What the task requires:
Aim for an exact copy of the listing, without any images.

Source information:
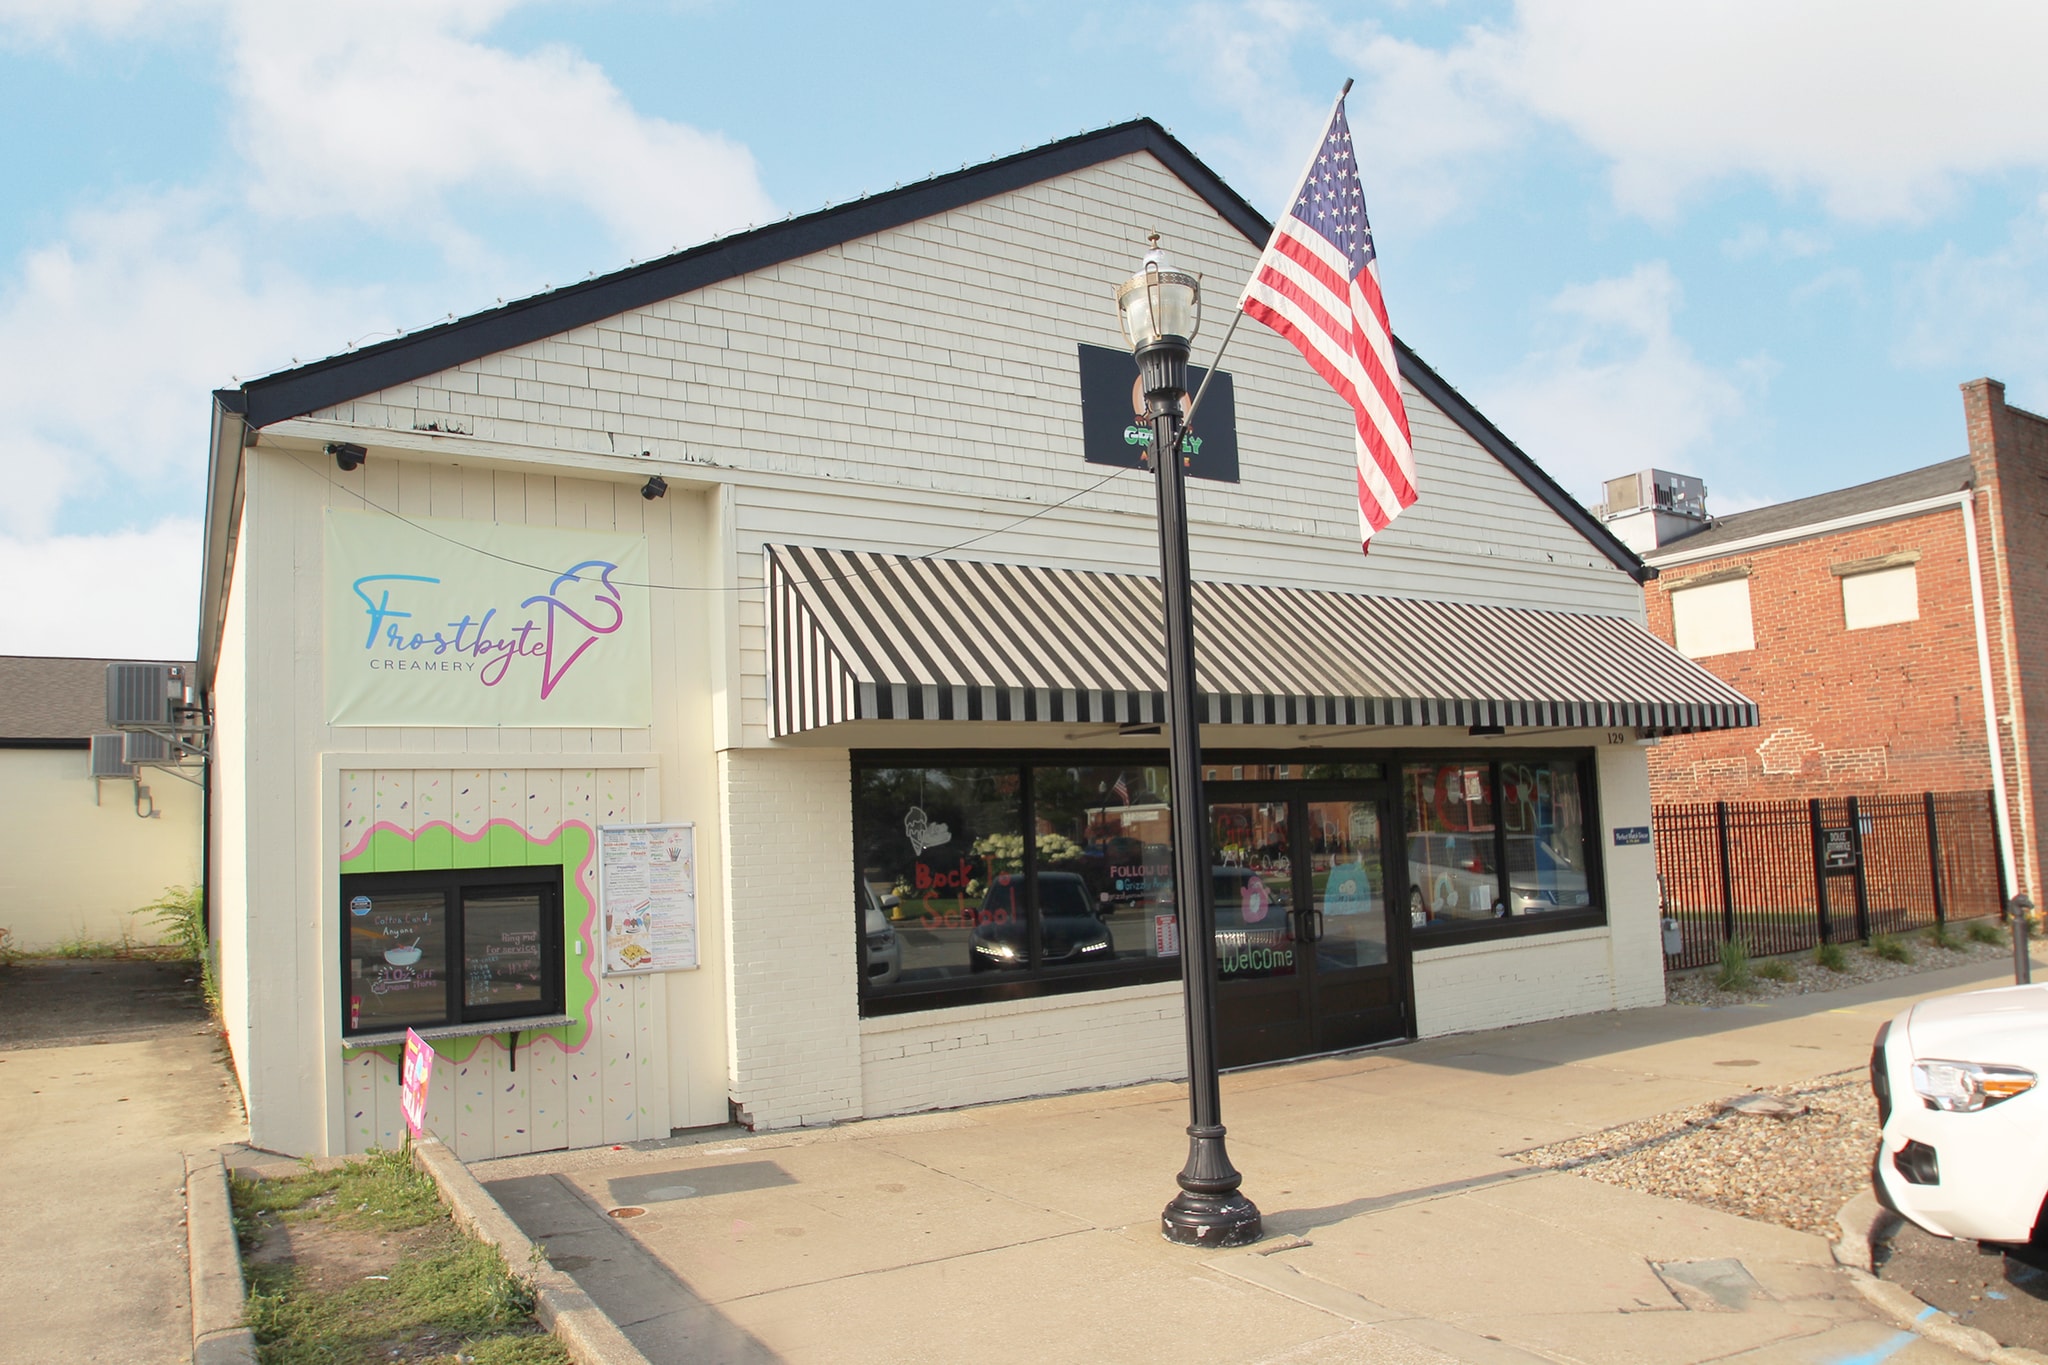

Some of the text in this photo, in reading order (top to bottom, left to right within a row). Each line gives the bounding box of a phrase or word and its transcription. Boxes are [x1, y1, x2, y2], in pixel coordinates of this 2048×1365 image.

[1124, 426, 1203, 455] GRLY
[353, 574, 547, 686] Frostbyte
[369, 659, 475, 671] CREAMERY
[1607, 732, 1624, 744] 129
[1110, 865, 1154, 878] FOLLOW
[921, 887, 1016, 930] School
[1222, 940, 1294, 973] Welcome
[383, 968, 411, 982] 10%
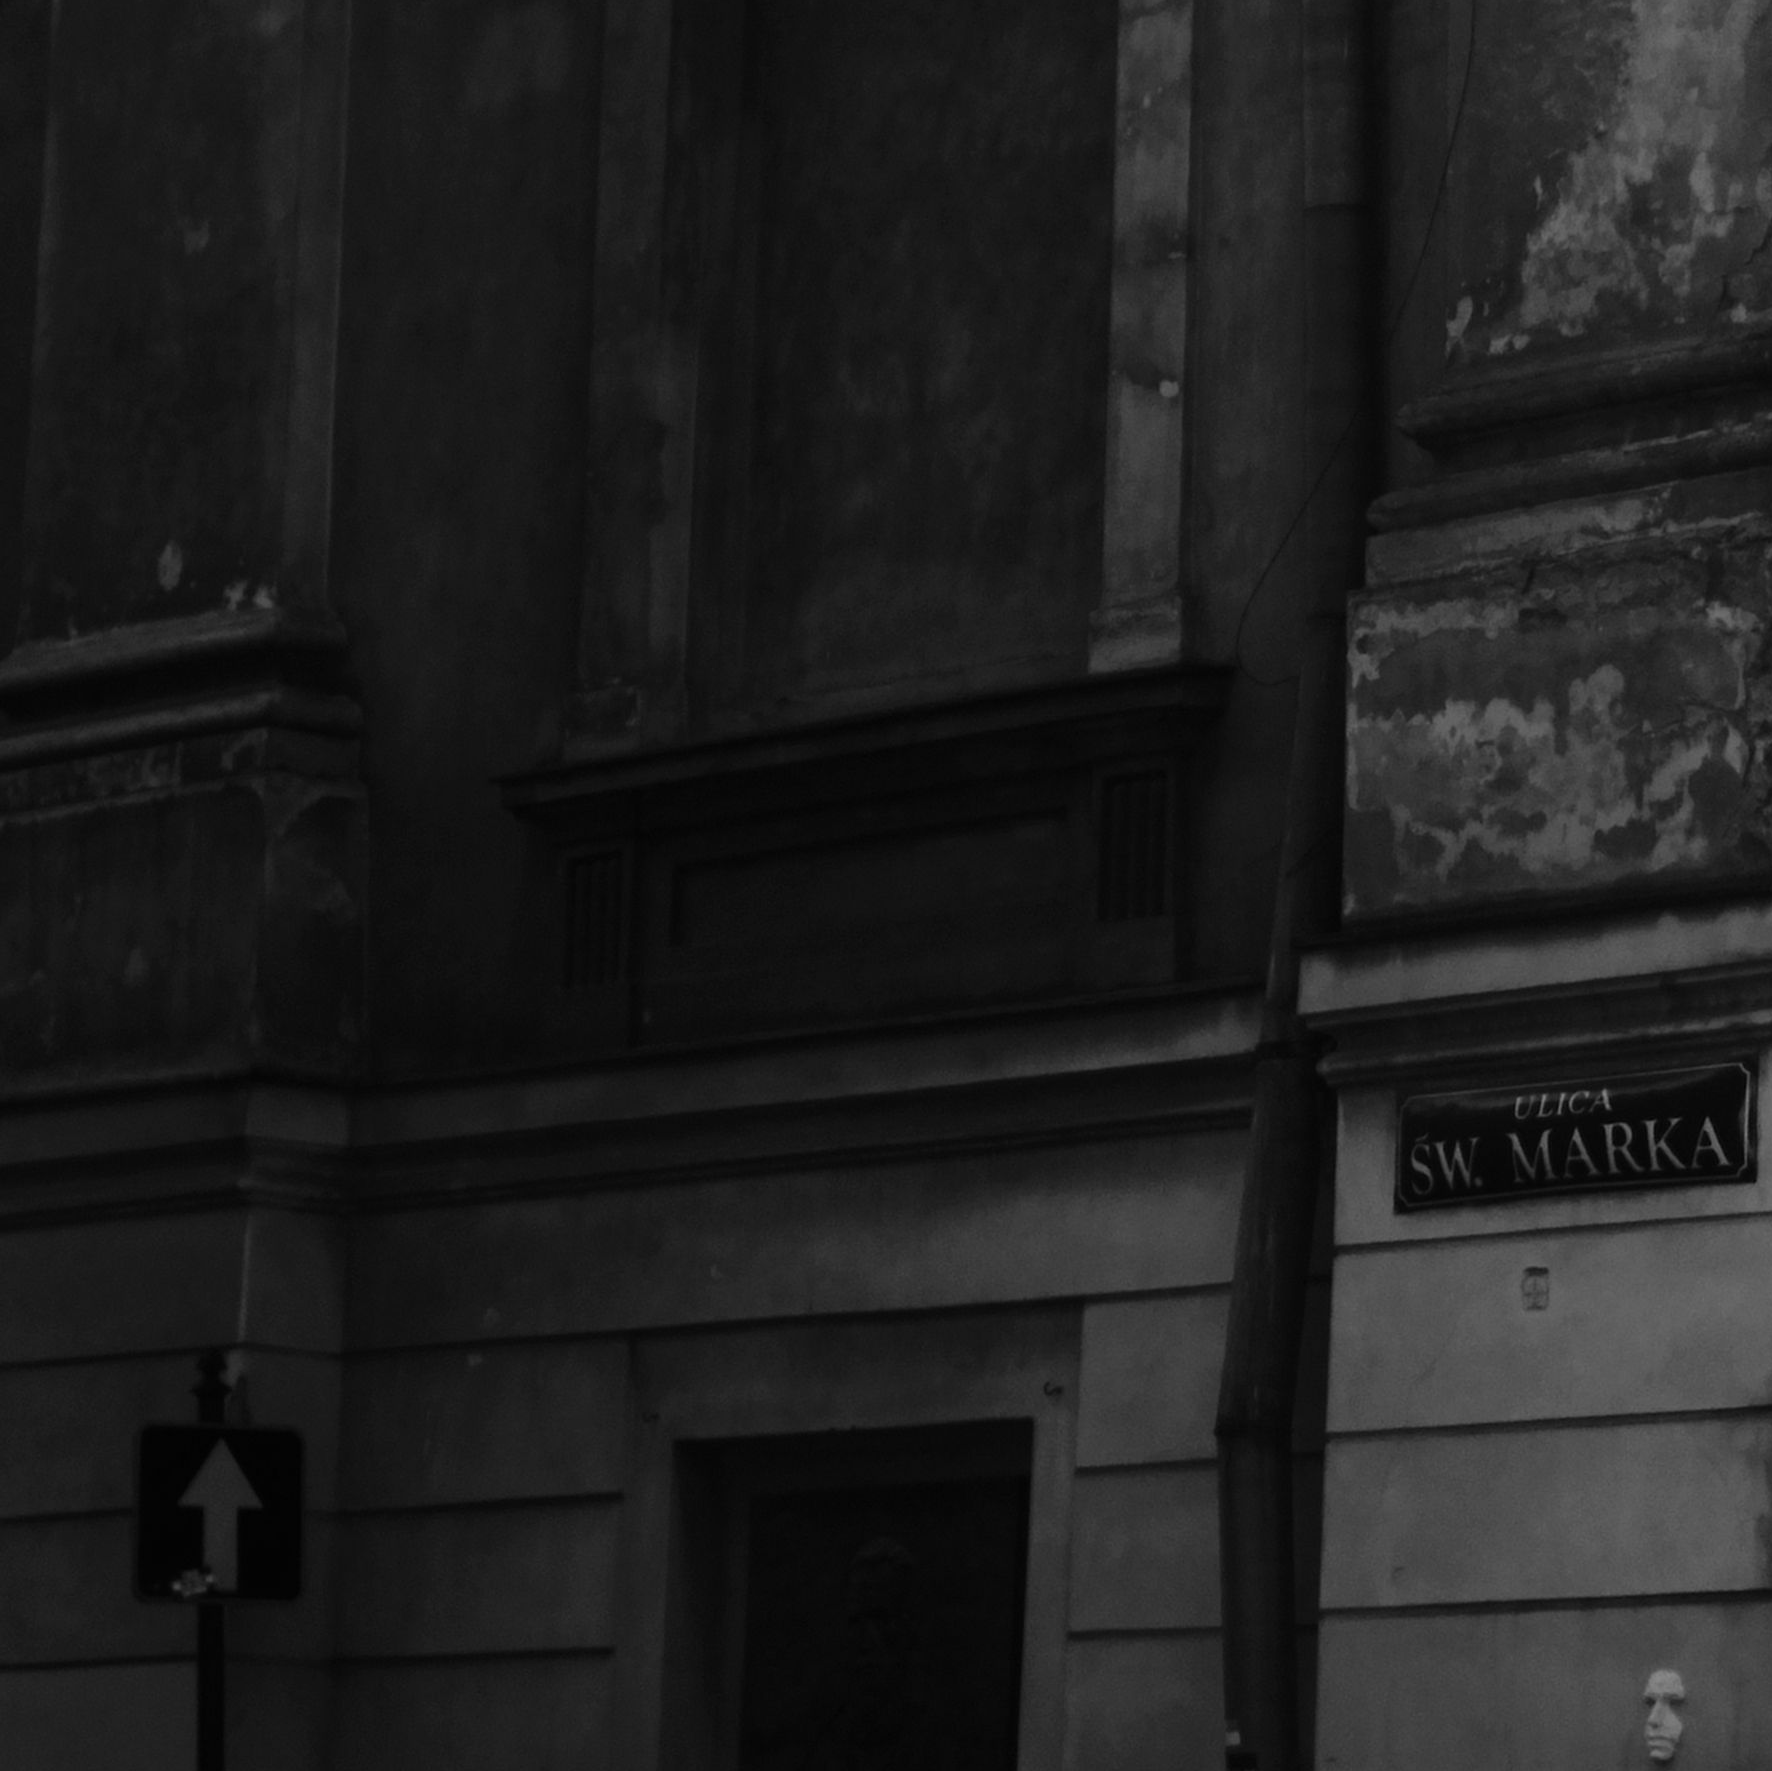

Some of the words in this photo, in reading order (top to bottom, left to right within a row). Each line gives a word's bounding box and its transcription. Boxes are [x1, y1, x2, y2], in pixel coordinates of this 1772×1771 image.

[1512, 1088, 1613, 1120] ULICA
[1409, 1130, 1484, 1196] ŚW.
[1504, 1115, 1731, 1184] MARKA

Problem solution:
Some of the text in this photo, in reading order (top to bottom, left to right within a row). Each line gives the bounding box of a phrase or word and its transcription. Boxes are [x1, y1, x2, y2], in pixel coordinates of this 2048×1365 image.

[1124, 426, 1203, 455] GRLY
[353, 574, 547, 686] Frostbyte
[369, 659, 475, 671] CREAMERY
[1607, 732, 1624, 744] 129
[1110, 865, 1154, 878] FOLLOW
[921, 887, 1016, 930] School
[1222, 940, 1294, 973] Welcome
[383, 968, 411, 982] 10%

Some of the words in this photo, in reading order (top to bottom, left to right within a row). Each line gives a word's bounding box and its transcription. Boxes are [x1, y1, x2, y2], in pixel coordinates of this 1772×1771 image.

[1512, 1088, 1613, 1120] ULICA
[1409, 1130, 1484, 1196] ŚW.
[1504, 1115, 1731, 1184] MARKA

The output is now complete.